À Saint-Germain-des-Prés, le chœur de l’abbatiale, reconstruit à partir de 1163, a des voûtes sexpartites et trois étages d’ouvertures ; sous le clocher-porche, un portail à statues-colonnes rappelait ceux de Saint-Denis et de Chartres. Entrepris vers 1190 comme ouvrage de l’enceinte de Philippe Auguste, le château du Louvre était de plan carré, avec des tours d’angles et un énorme donjon cylindrique au milieu de la cour.


L’art gothique à l’âge de l’élégance

À partir du milieu du xiiie s., et au cours du siècle suivant, Paris devient le foyer d’un art gothique qui évolue vers l’allégement, une certaine préciosité, parfois un luxe favorisé par l’initiative royale. Le modèle est la Sainte-Chapelle, élevée au cœur du palais capétien par Saint Louis, de 1241 à 1248, sans doute sur les plans de Pierre de Montreuil. Il s’agit de deux chapelles superposées. Le vaisseau unique de la chapelle haute ressemble à une châsse avec son armature légère enserrant des vitraux dont les médaillons aux couleurs saturées illustrent les deux Testaments. Si l’abbaye de Saint-Germain-des-Prés a perdu la chapelle de la Vierge dont l’avait embellie Pierre de Montreuil, celle de Saint-Martin-des-Champs (auj. Conservatoire national des arts et métiers) montre encore son beau réfectoire à deux nefs, attribué à ce maître.
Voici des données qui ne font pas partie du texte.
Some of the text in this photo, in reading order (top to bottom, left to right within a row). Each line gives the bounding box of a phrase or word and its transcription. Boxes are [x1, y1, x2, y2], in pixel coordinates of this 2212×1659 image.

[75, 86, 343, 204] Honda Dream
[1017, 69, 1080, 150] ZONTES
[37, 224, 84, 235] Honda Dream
Notre-Dame fut remaniée dans la seconde moitié du xiiie s. par Jean de Chelles, puis Pierre de Montreuil ; dans la première moitié du xive s., par Pierre de Chelles, Jean Ravy et Jean Le Bouteiller. L’adjonction de chapelles entre les contreforts imposa l’allongement du transept, qu’ajoure à chaque extrémité une immense rose. Le portail nord, où subsiste une statue de la Vierge à l’Enfant, le portail sud, consacré à l’histoire de saint Étienne qu’accompagnent des scènes de la vie universitaire, la petite « porte Rouge », les bas-reliefs ornant le chevet, enfin les hauts-reliefs de la clôture du chœur, aux sujets tirés du Nouveau Testament, illustrent l’évolution de la sculpture gothique vers une élégance de plus en plus précieuse.

Saint-Séverin et Saint-Germain-l’Auxerrois datent partiellement du milieu du xiiie s. Il faudrait aussi tenir compte des couvents démolis : Cordeliers, Grands-Augustins, Carmes Maubert, etc. La croissance de l’université exigea la construction de nombreux collèges ; il n’en reste guère que la chapelle du collège de Beauvais (xive s.). Les bâtiments royaux témoignent de la même évolution. Le palais de la Cité (auj. Palais de justice) fut amplifié sous le règne de Philippe le Bel. La Conciergerie a gardé ses tours, ses cuisines, ses deux superbes salles basses à nefs voûtées. Du Louvre de Philippe Auguste, Charles V fit une résidence ornée avec un luxe dont témoignait aussi son hôtel Saint-Paul, au Marais ; mais il laissa le caractère d’une forteresse à la Bastille, élevée comme ouvrage de l’enceinte dont il entreprit en 1367 d’entourer les quartiers de la rive droite. La tour dite « de Jean sans Peur » et l’entrée fortifiée de l’hôtel de Clisson (Archives nationales) sont les témoins de la construction privée de cette époque.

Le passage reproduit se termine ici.